Thursday, November 7, 2013

The Community College Scam


 

 

     Ah, community college, the “great opportunity” for a student to get higher education, right in this own community instead of going off to some expensive university. What community wouldn’t want a college, giving its citizens access to all that great knowledge that, supposedly, is only otherwise available at a university?

In August 2012 The New Community College at CUNY opened with 300 students and a mission to rethink community college education. We and our students are now midway through NCC’s first year, and I’m delighted that the fall-to-spring persistence rate of this first cohort is 92 percent. This is not only beyond our initial expectations, but is also 20 percentage points ahead of most community colleges. While “92” is our new favorite number, we will continue to strive for “100” as our retention goal.

--from an article about a college that opened last year. I point out, once again, that “retention” is the sole measure of success, it’s never high enough for an administrator. He knows 90% of those students will leave college with nothing in three years…but doesn’t care. He’d prefer a mother have her child starve rather than she leave college to care for the child.

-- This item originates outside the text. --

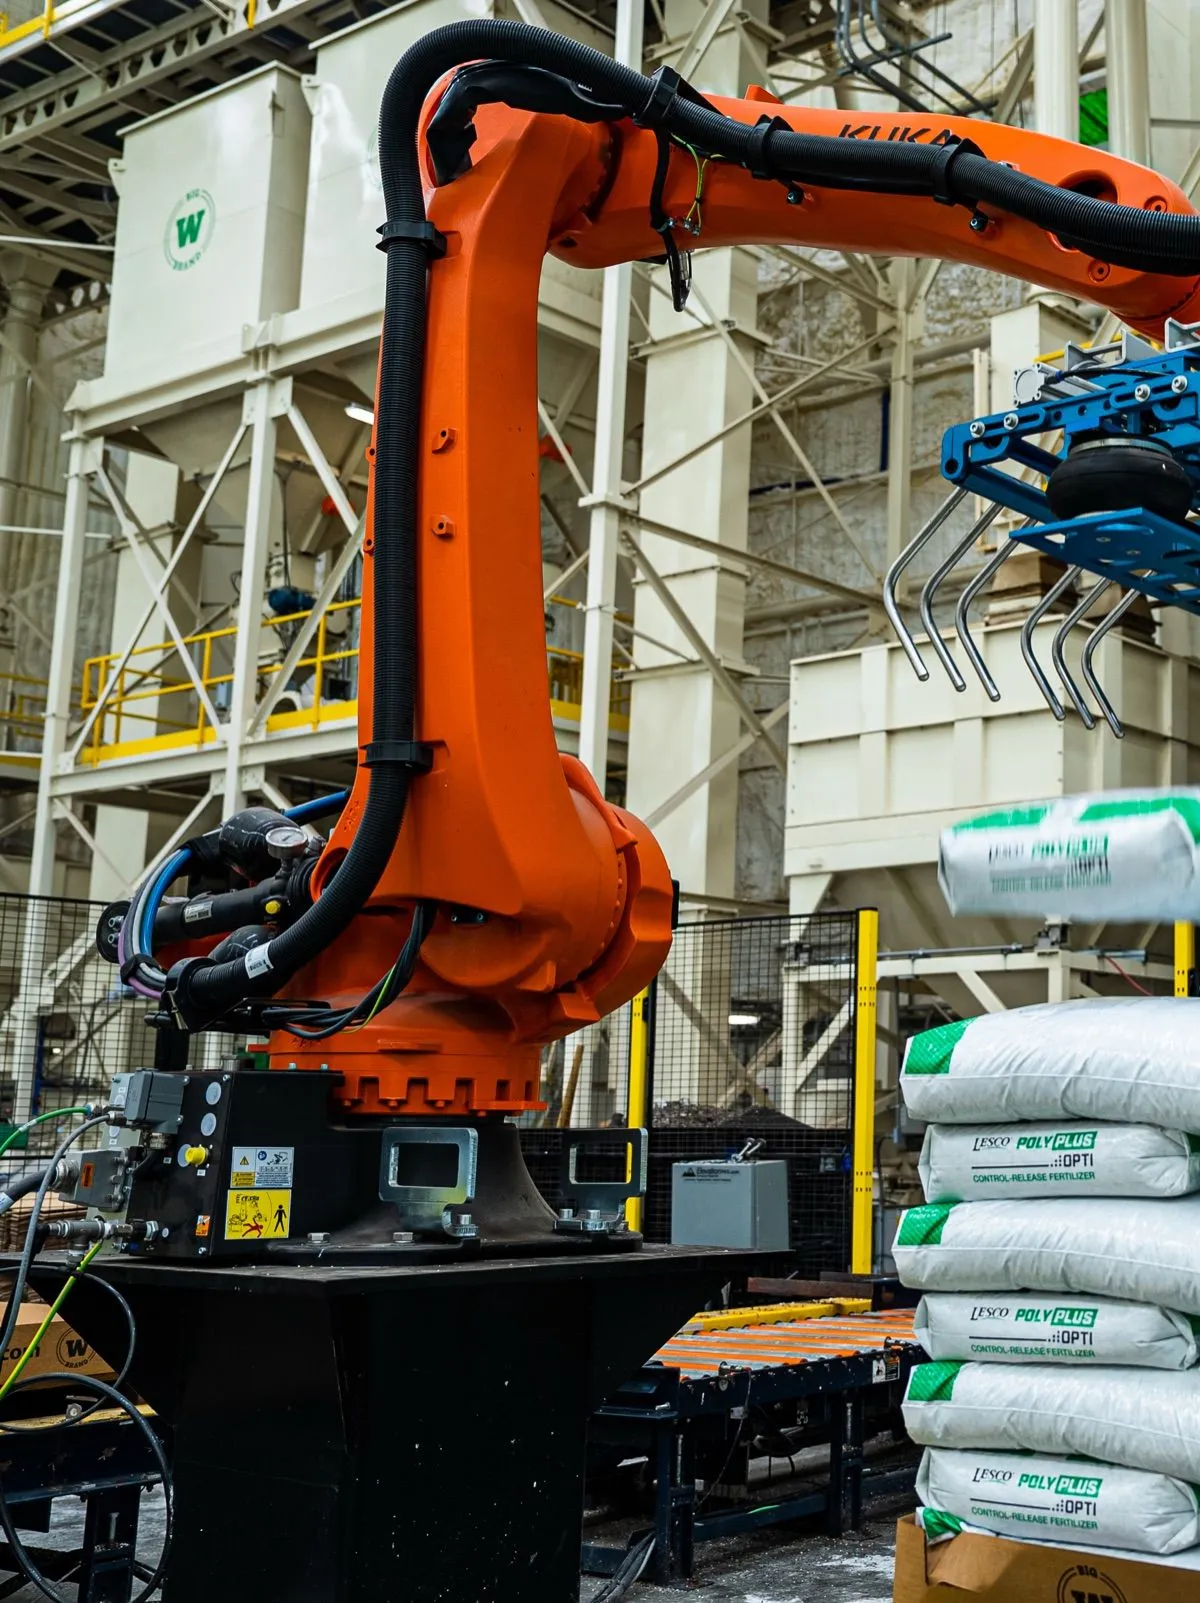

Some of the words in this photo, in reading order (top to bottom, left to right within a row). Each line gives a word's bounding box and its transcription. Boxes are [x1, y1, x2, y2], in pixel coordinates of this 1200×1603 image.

    Following closely behind “retention” as the goal of an institution is graduation rate—get those degrees churned out as quickly as possible, no matter how useless they are! In the case of New Community College, they’re going to increase the graduation rate by limiting their degree programs. Requirements to get into this college, of course, are laughable:

”they must be college-ready, meaning that they don’t need more than two remedial courses.”

--and now, a pause for laughter, at least for those gentle readers that find humor in “college ready” being defined as “ need two non-college courses before being ready for college.” I’ve written before how insane these remedial courses are.

 

Realistically, the kind of students that are years behind don’t all catch up, and the high retention is just a lie—the students stay in college because it’s not really college, just a holding pen for students while their loan money is sucked away. Once the loan money is drained, the poor suckers are turned out into the world, to figure out some way to pay off the debt.

     However, some CUNY faculty remain skeptical of a curriculum whose main goal, they say, is to produce quick diplomas.

--if only faculty could actually make decisions about what goes on in a degree program. Accreditation rules say they do, but administrators control faculty and control accreditation, making such rules meaningless.

 

 As a public institution, there’s considerable pressure for degrees, so CUNY is focusing on just having a few degree programs, forcing students into programs requiring little effort: business administration, information technology, energy services management, environmental science, health information technology, human services, liberal arts and sciences, and urban studies.  I know, I’m cynical, but I can’t help but suspect the degree of “urban studies” is a bit of a dumping ground for the students that can’t handle the rigor (sic) of those other degree programs.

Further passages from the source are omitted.